Fiquei enternecida ao espreitar o brilho no olhar de Didier Pai, quando ele retornava diariamente dos mergulhos ao Zenobia (https://www.cyprusisland.net/cyprus-shipwrecks/zenobia-shipwreck), afinal, enquanto eu me livrava da bactéria, era bom saber que todos estavam encontrando o seu momento holístico.


Vou me lembrar como foi bizarro o fato de que na noite do Ano Novo nós éramos a única família a usar branco no jantar – levamos essa tradição brasileira para Larnaca! Bem na virada, sim, fomos à praia mesmo com o vento frio; eu não ousei pular as 7 ondas, mas fiquei ali por um tempo, vendo as alvas espumas sob o brilho da lua, tentando advinhar o que me aguardava e pedindo calma à mim mesma.


Depois, voltamos para o lobby do hotel, onde todos dançavam em roda, no estilo grego, com lenços alvoroçados na mão. Um turista me puxou pelas mãos, era o ímpeto da passagem do ano, aquele vácuo de esperança nos primeiros minutos de 2018... mas, eu não o segui naquela dança... tive preguiça de ser simpática, estava bem sendo eu mesma depois da partida da bactéria.


Faltaram muitas coisas para serem vividas e aprendidas no Chipre. Sim, eu preferi dormir ao invés de ir conhecer Nicosia, onde existe a buffer zone que ainda divide a ilha entre a parte turca e grega (https://www.huffingtonpost.com/constantine-tzanos/international-justice-the_b_9934090.html), e sedia uma operação de manutenção paz da ONU (https://peacekeeping.un.org/en/mission/unficyp). Foi uma falta grande para quem estuda direitos humanos. Mas, naquele período eu não era “Lucia, a pesquisadora”, eu era apenas alguém que brigava contra eu mesma há muitos meses e que precisava me acalmar.
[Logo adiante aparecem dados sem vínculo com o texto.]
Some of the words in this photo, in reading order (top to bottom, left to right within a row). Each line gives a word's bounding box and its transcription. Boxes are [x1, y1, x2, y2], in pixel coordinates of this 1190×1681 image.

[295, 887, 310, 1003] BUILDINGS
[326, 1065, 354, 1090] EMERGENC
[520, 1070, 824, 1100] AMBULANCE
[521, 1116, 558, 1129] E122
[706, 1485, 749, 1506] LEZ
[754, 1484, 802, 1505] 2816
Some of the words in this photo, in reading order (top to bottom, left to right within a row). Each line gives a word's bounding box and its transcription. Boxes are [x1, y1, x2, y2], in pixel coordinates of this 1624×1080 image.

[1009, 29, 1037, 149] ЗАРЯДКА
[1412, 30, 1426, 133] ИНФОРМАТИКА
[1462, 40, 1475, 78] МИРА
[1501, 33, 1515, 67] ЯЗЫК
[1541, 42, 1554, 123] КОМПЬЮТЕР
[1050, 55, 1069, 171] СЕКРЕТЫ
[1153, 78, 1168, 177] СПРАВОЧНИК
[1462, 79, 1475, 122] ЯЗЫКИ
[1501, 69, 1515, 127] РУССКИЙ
Ficou, então, a promessa de um dia voltar, não para escapar da somatização, mas para viver a história e ouvir as pessoas. Na última manhã antes de ir embora, eu ainda fui caminhar na solidão da praia, e enquanto ouvia música e desafiava a água gelada que batia nos meus pés, um outro senhor chipriota me parou, conversou, sugeriu passeios, afirmou que a água era quente para além de onde as ondas nasciam, mostrou-se feliz por simplesmente estar ali naquele momento. Estava completo o meu ciclo de acolhimento, de contemplação e de saúde.

Quando voltei, por muitos e muitos dias, eu continuei naquele estágio de paz, de que nada poderia me perturbar. E a todo anoitecer e alvorecer, eu pedia que aquela quietude do mar, que foi o berço de Afrodite, me acompanhasse infinitamente.
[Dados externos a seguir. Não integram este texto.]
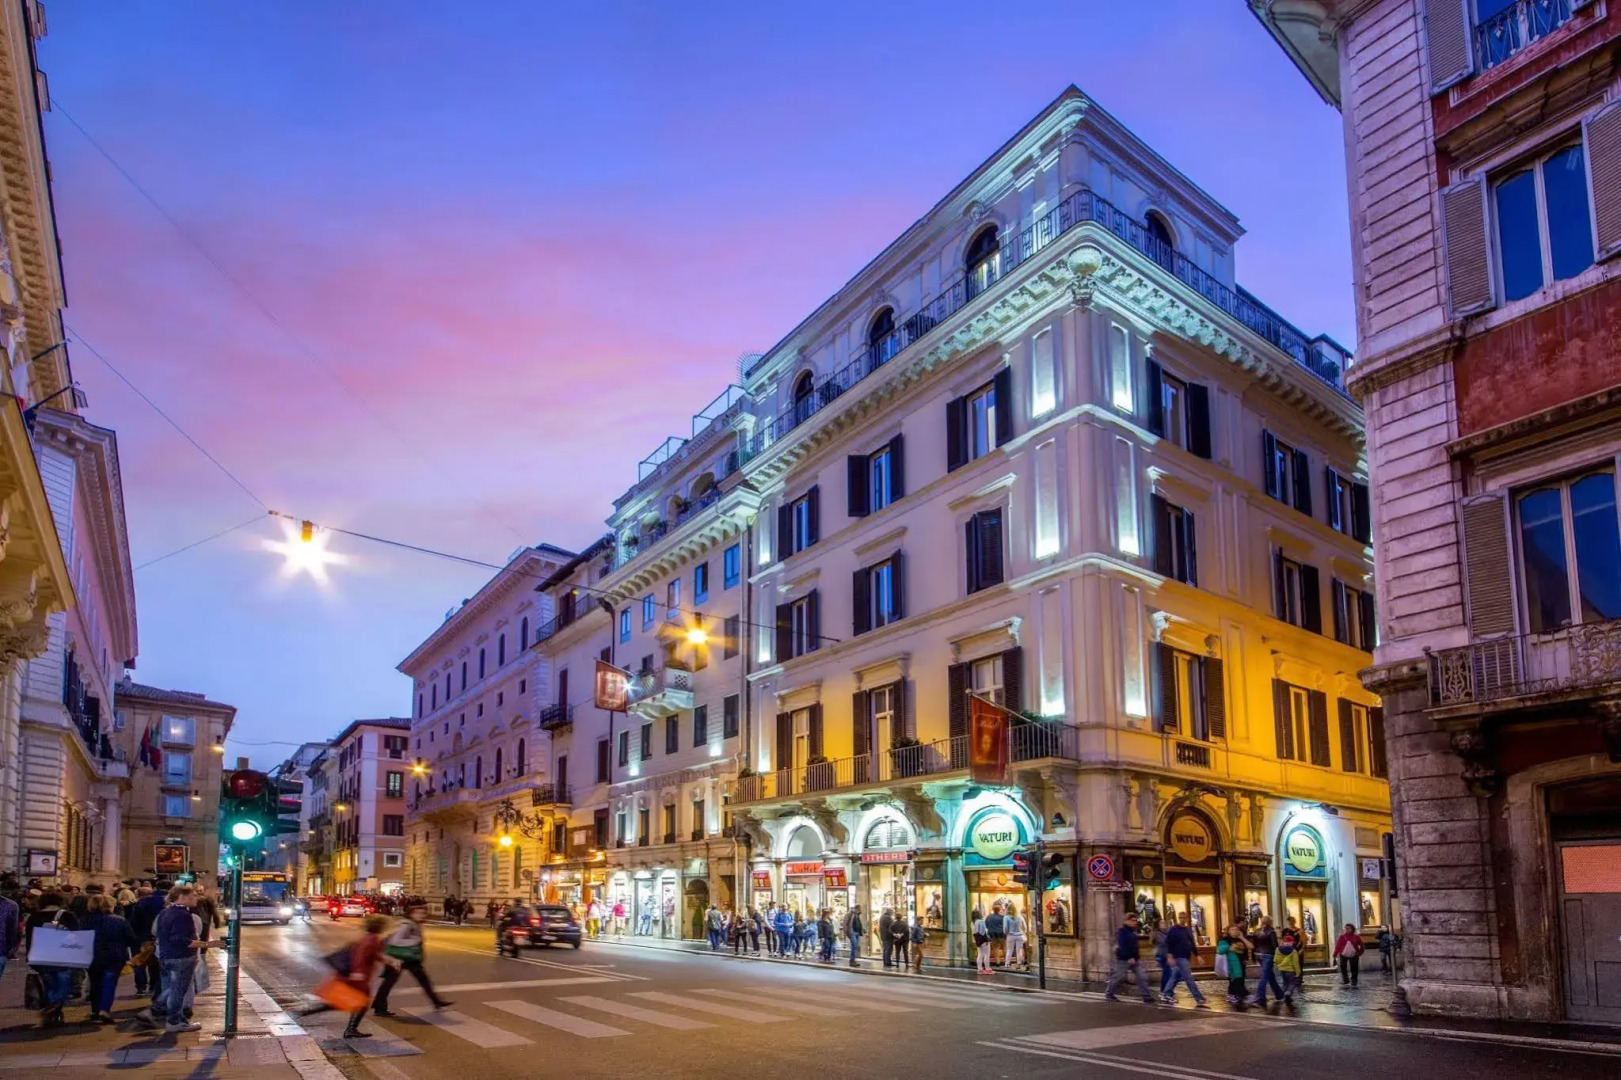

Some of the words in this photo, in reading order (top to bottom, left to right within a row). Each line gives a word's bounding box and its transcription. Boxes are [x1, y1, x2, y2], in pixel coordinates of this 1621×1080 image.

[979, 832, 1012, 843] VATURI
[1175, 834, 1204, 846] VATURI
[1291, 847, 1315, 857] VATURI
Então, o que cantar para essa memória? “A Cura”, uma música de 1988, do álbum “Toda Forma de Amor”, em que Lulu Santos nos lembrava: “Enquanto isso/ Não nos custa insistir/ Na questão do desejo/ Não deixar se extinguir/ Desafiando de vez a noção/ Na qual se crê/ Que o inferno é aqui/ Existirá/ E toda raça então experimentará/ Para todo mal, a cura...”.